Now for a change....


Wednesday, February 29, 2012

Life..

I thought I would be able to write on here soon & have something positive to say. Right now my life is on hold (my husband is Army) & the stress is overwhelming. I really just want to stay in bed & do nothing. This is just a quick update until we learn more. I just feel lost right now.

P.S. I am reading your blogs just not commenting right now. This is been a hard couple of months & seems not to be letting up.


Wednesday, February 1, 2012

To be honest...

To be honest my weight went up 5 pounds... To be honest it is back down again. It scared me though because I knew 5 turns into 10 which turns to 15 & so on. I am so happy to get back down again.

I have also been in the hospital last week because the week before that I got so dizzy I hit my head & passed out at work. No clue what happened. They have run test & things have come back fine. I do have leaky heart valves whatever that means. I still have to do an MRI & vision test. I have to wait until Feb. 14th before I can even get my referrals so who knows how long this may take.

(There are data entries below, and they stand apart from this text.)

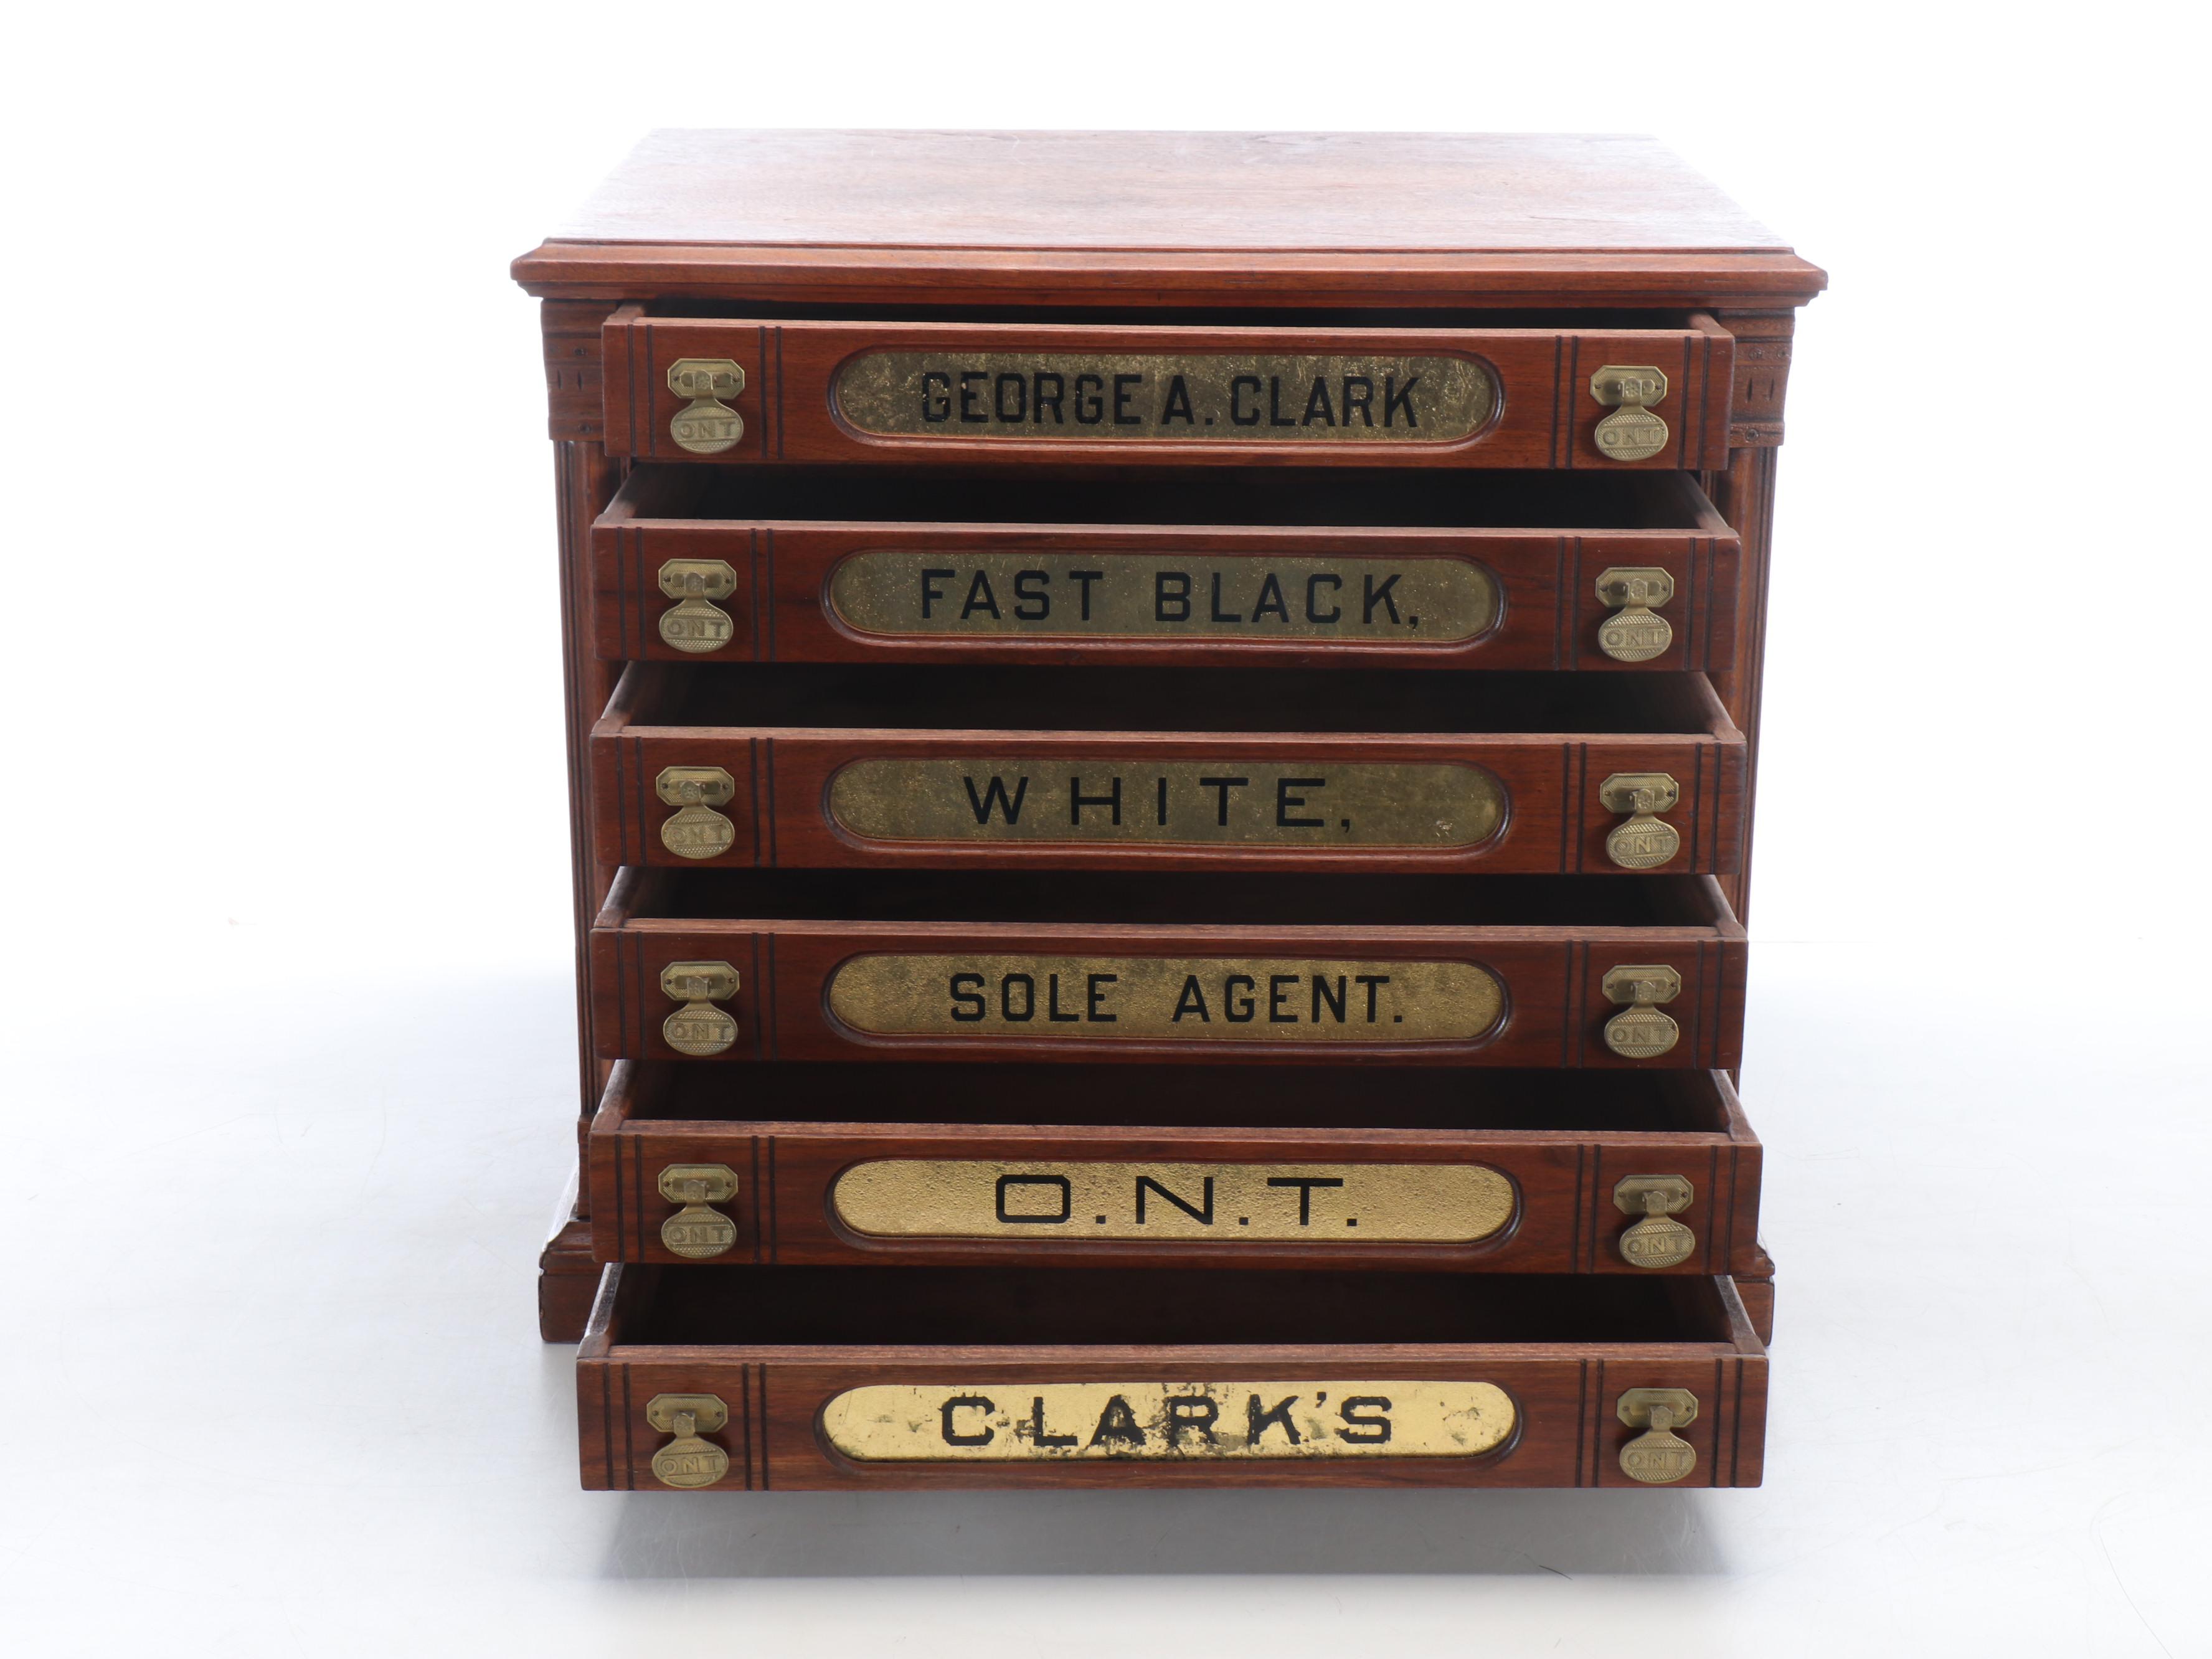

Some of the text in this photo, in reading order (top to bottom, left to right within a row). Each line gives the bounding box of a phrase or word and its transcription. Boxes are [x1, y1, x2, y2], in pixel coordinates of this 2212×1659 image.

[922, 372, 1420, 427] GEORGE A. CLARK
[680, 421, 735, 439] ONT
[1604, 428, 1660, 445] ONT
[920, 569, 1419, 629] FAST BLACK,
[667, 619, 727, 637] ONT
[1607, 628, 1665, 646] ONT
[963, 776, 1351, 833] WHITE,
[670, 825, 725, 843] ONT
[1615, 836, 1671, 854] ONT
[950, 973, 1403, 1023] SOLE AGENT.
[673, 1023, 730, 1041] ONT
[1613, 1028, 1671, 1042] ONT
[996, 1174, 1358, 1226] O.N.T.
[669, 1226, 729, 1244] ONT
[1629, 1236, 1688, 1254] ONT
[940, 1391, 1392, 1447] CLARK'S
[660, 1456, 721, 1473] ONT
[1628, 1452, 1687, 1469] ONT

We are playing the waiting game right now with the Army. The game that tells us where we go next in our lives & when. I personally am not ready to move from Germany. I have found it "safe" for my eating & weight. The restaurants are not like in the states. The food is fresh & there are not fast food places everywhere you go. Moving is going to be the biggest challenge I think I will have to face. Hopefully I have come far enough in this journey to make it!!

I am sorry I am all over the place with this post. Right now that is what is in my head. Thoughts going everywhere.




Sunday, January 8, 2012

I owe it to me!

I need a change. I write about it all the, I think about it all the time. I think I am OK with losing 60 pounds & since I have a normal BMI for the first time in years I am not pushing myself. Today though I realized that I owe it to myself. I have come to far to just stabilize. I owe it to myself to get these extra 20 pounds off. I am at my first goal weight. A weight I thought was going to be good but I am here & it is no good.

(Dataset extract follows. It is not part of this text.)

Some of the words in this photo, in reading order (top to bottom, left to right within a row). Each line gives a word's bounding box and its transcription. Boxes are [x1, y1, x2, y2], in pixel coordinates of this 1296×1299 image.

I have Jillian Michaels 30 Day Shred. I have never gotten past a week because I get bored. Well I see people that do the entire video, that stick with it & get results. I owe myself that. So starting tomorrow that is my Day 1!

I also have Jillian Michaels shred it with weights. My plan is the 30 day shred then after the 30 days pick up Shred it with Weights!

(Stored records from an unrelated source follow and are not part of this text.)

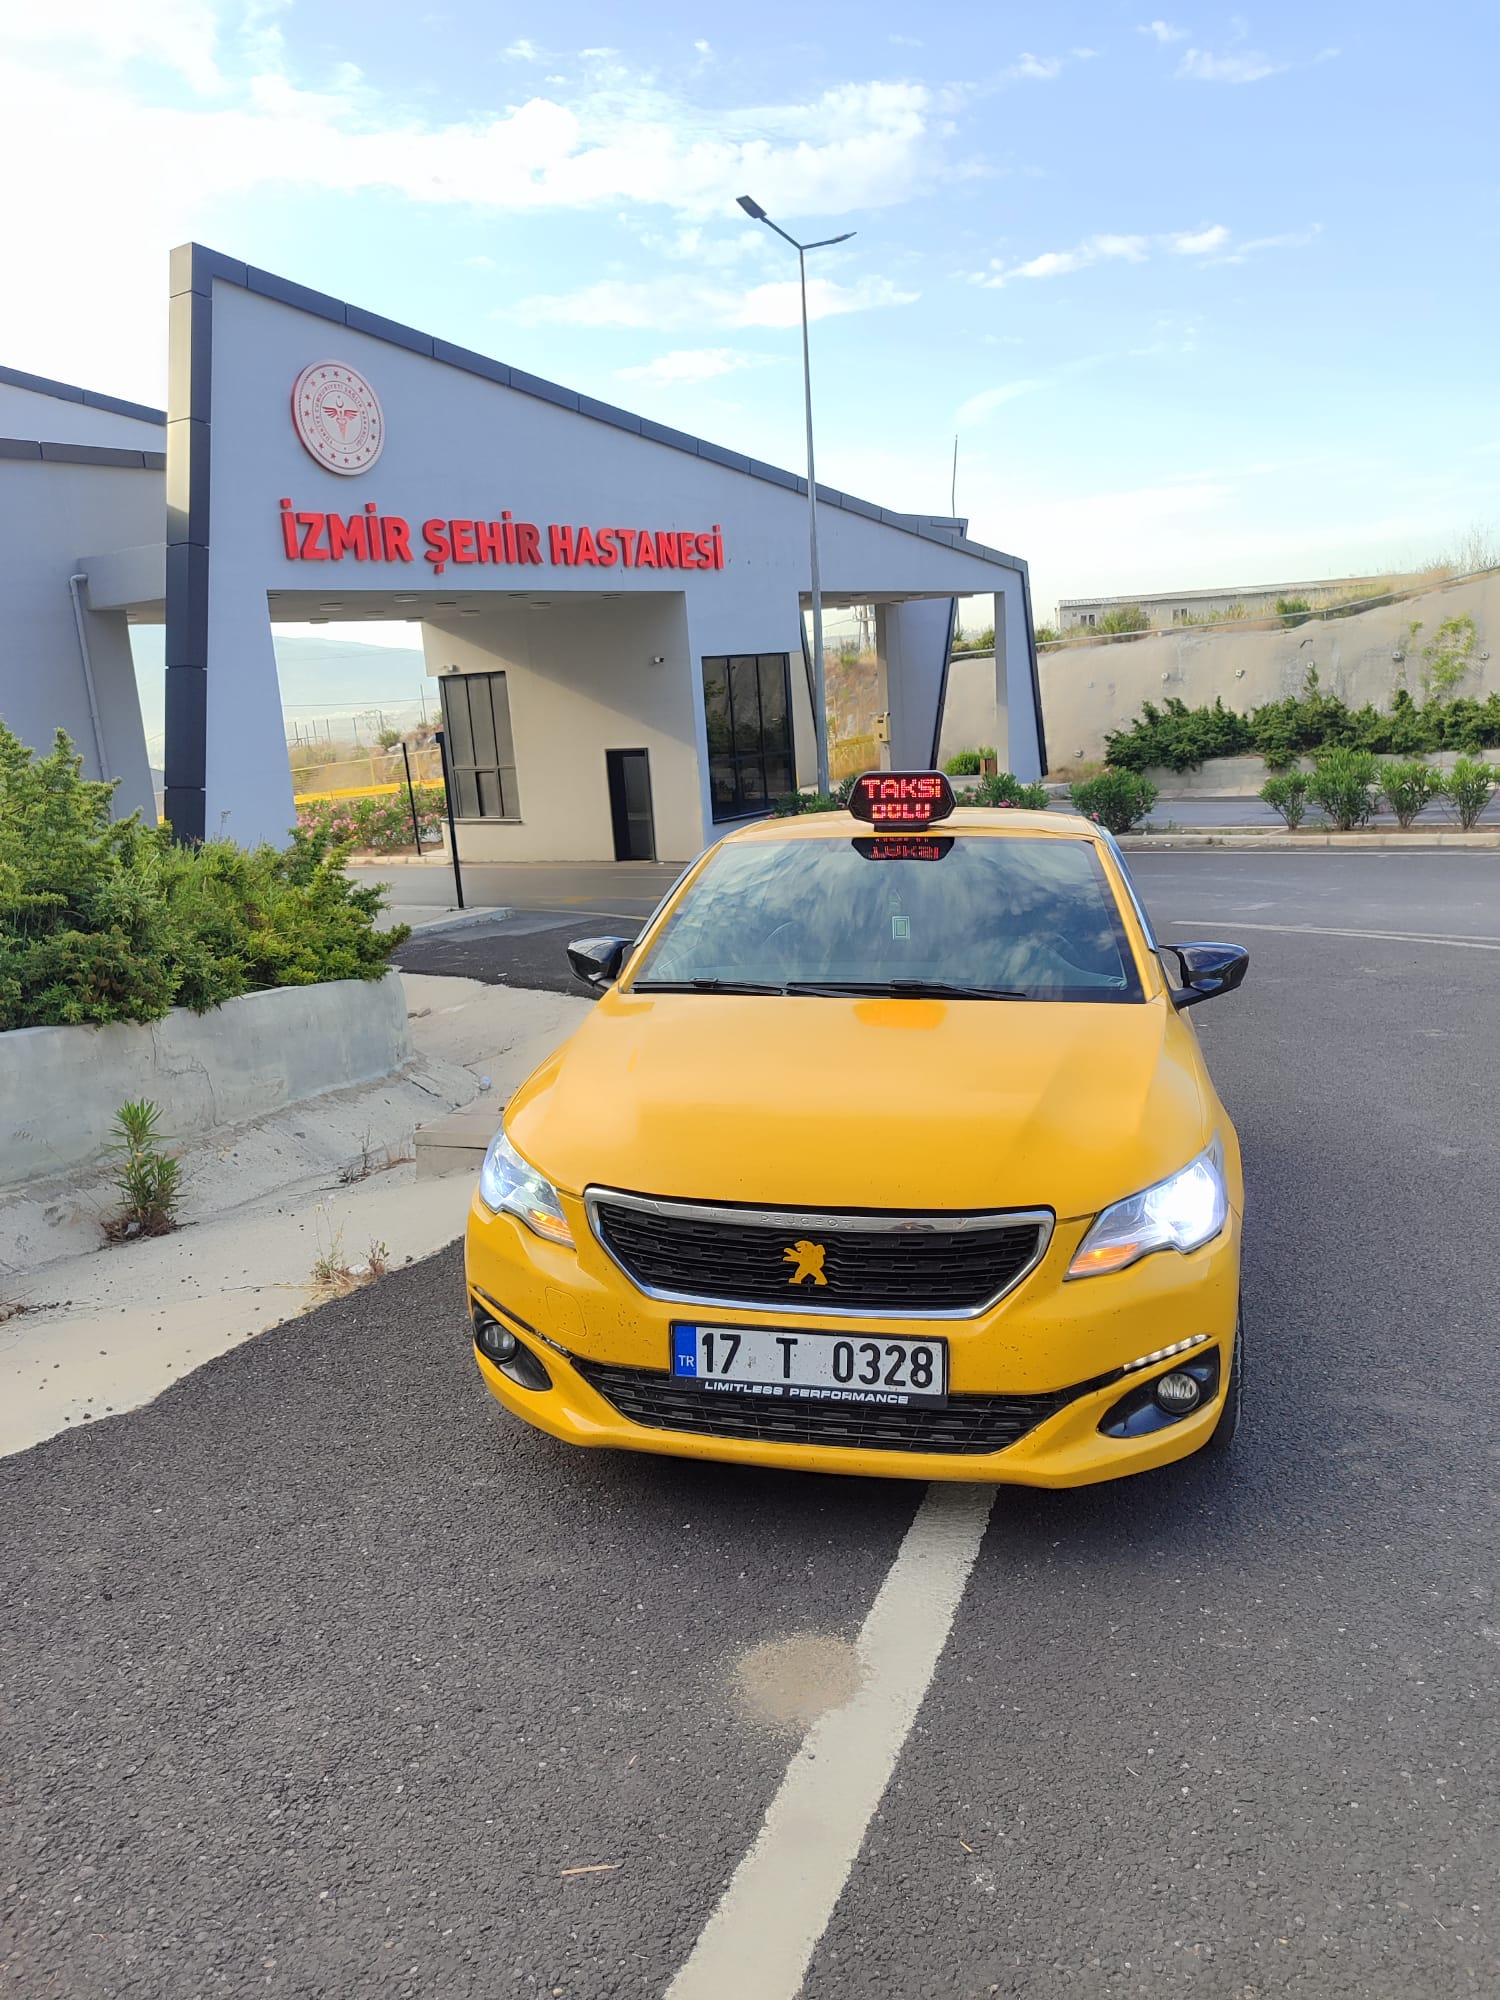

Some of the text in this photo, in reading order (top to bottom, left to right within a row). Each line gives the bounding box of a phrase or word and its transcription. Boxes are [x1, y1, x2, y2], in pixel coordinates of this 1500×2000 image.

[280, 497, 725, 574] İZMİR ŞEHİR HASTANESİ
[872, 803, 931, 819] DOLU
[759, 1214, 853, 1228] PEUGEOT
[678, 1354, 695, 1368] TR
[701, 1332, 934, 1389] 17 T 0328
[704, 1381, 909, 1405] LIMITLESS PERFORMANCE

I know I can do this. I owe it to myself to be happy with what I see looking back in the mirror!








Monday, January 2, 2012

A New Year

Well I can safely say that I made it through the holidays without a gain! This is surprising to me because I truly felt like I may have over done it a little more then I should of. I am sad to admit though that when I went back & looked at my weight at the beginning at 2011 I am only down 4 pounds. That's it. 4 flippin pounds in an entire year. I feel like I wasted the entire year. My friend asked my how many inches I have lost over the year & I am unsure. So this year I took my measurements. I have gone down sizes so I guess well the scale did not move the measurements did.

My daughter & I


I do feel like it is time to step up though. I have a big birthday coming in March & I would really like to be down 10 pounds. I have 2 1/2 months to do it in & well I know it is doable I have no clue why the scale is not moving anymore. I do exercise everyday. I do need to find something different or to add. Not sure what.

Here is my last week of 2011. This was easier to pull off as I was on vacation so work did not get in the way!




I do know I want to plan out my meals better & add more weight training to my exercise. Also eat a little cleaner.
New Year's Eve


My meals right now are looking like

Breakfast ~ Activia with fiber, fruit & oats
Lunch ~ Salad, soy pudding with fruit & Nature Valley Oat Bar
Dinner ~ Is whatever I make

My biggest issue is when I get home to dinner time. I am thinking about a protein shake. I need to know what my snack will be. I think will help a lot from the mindless munching I do until dinner.

2012 WILL be the year I get to the weight I want to see on the scale!!!


Does anymore do protein shakes & if so what kind of protein do you use?